#simulator #field #fdtd #electromagnetism #maxwell

nightly app rems

A finite difference time domain (FDTD) electromagnetic simulator

16 releases

0.0.15 Jan 21, 2024
0.0.14 Sep 10, 2023
0.0.13 Dec 13, 2022
0.0.12 Aug 14, 2022
0.0.1 May 9, 2020

#7 in Simulation

Download history 14/week @ 2024-01-18 80/week @ 2024-02-22 80/week @ 2024-02-29

160 downloads per month

GPL-3.0 license

31KB
329 lines

Audit CI Release

rems (Rust ElectroMagnetic Simulator) is a Finite Difference Time Domain (FDTD) simulator written in Rust.
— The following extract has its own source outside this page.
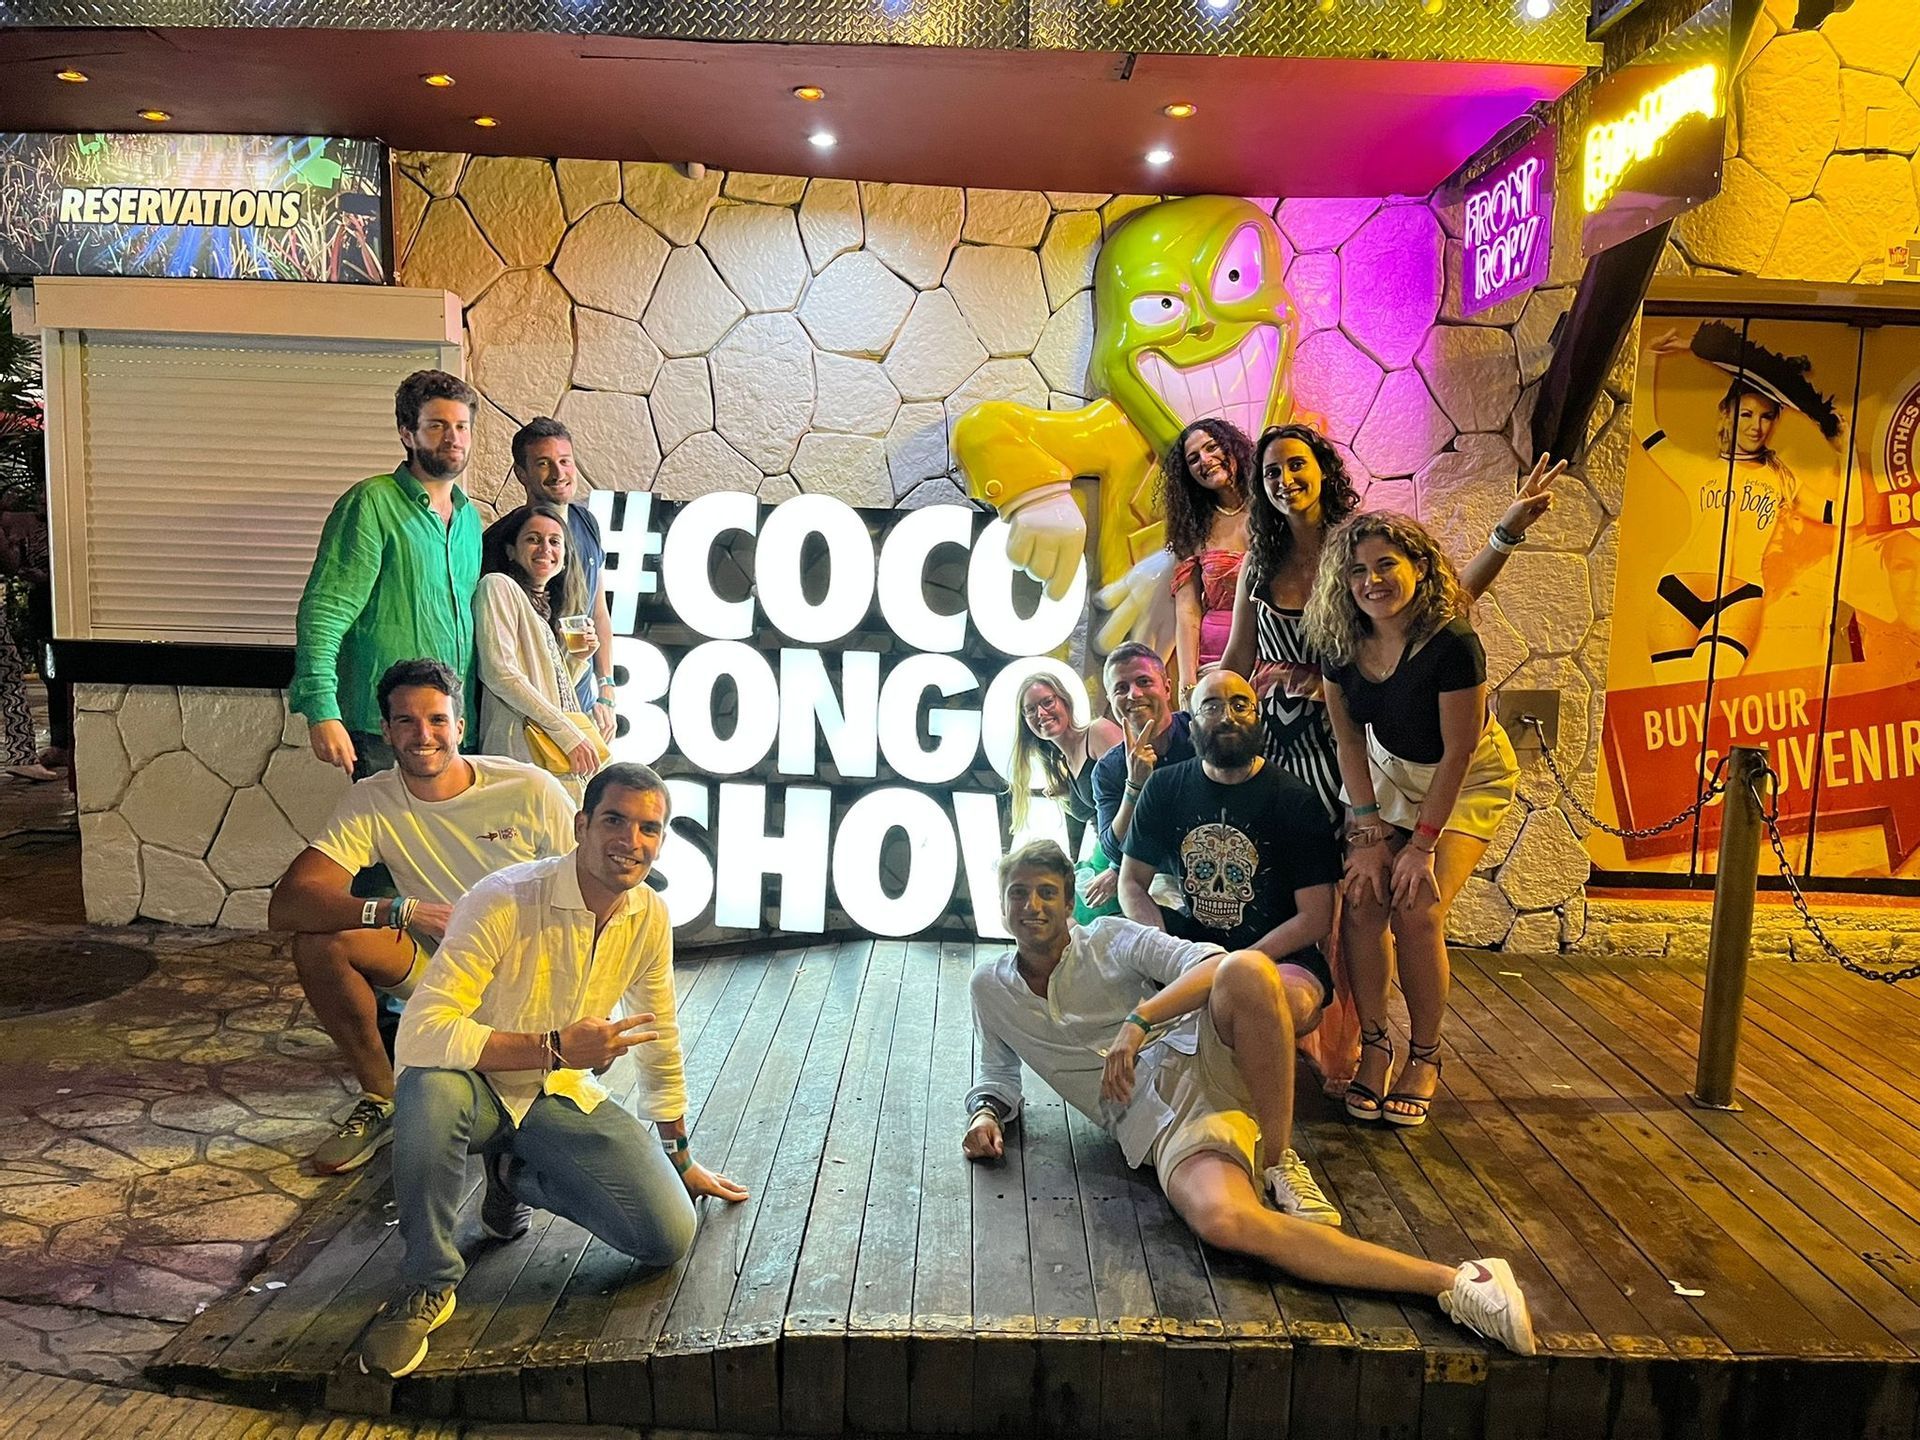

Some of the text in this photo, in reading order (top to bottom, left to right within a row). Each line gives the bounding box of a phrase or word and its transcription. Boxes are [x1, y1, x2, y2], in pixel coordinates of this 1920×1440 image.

It is capable of generating animated graphs of your simulations, like this:

1D example simulation

Install

rems is available on crates.io. You can install rems by first installing ffmpeg, then installing Rust, and then using Rust's rustup tool to install Rust nightly, and then you can use cargo to install rems:

$ rustup install nightly
$ rustup override set nightly
# Be sure to read the output of this command and adjust your PATH as instructed.
$ cargo install rems

Quick start

To get started with a quick simulation, have a look at the examples/ folder. You will find two files in there. 1d_simulation.yml file is a simulation parameter file, and 1d_signal.py is a Python script that generates a signal in the format that rems expects. Install Python's bson library, run the signal generator file, and then run the simulation:

$ pip install bson
$ python3 examples/1d_signal.py
$ rems examples/1d_simulation.yml

This will generate a video file on your system called simulation.mp4 that will show you the signal propagating in space. Good job!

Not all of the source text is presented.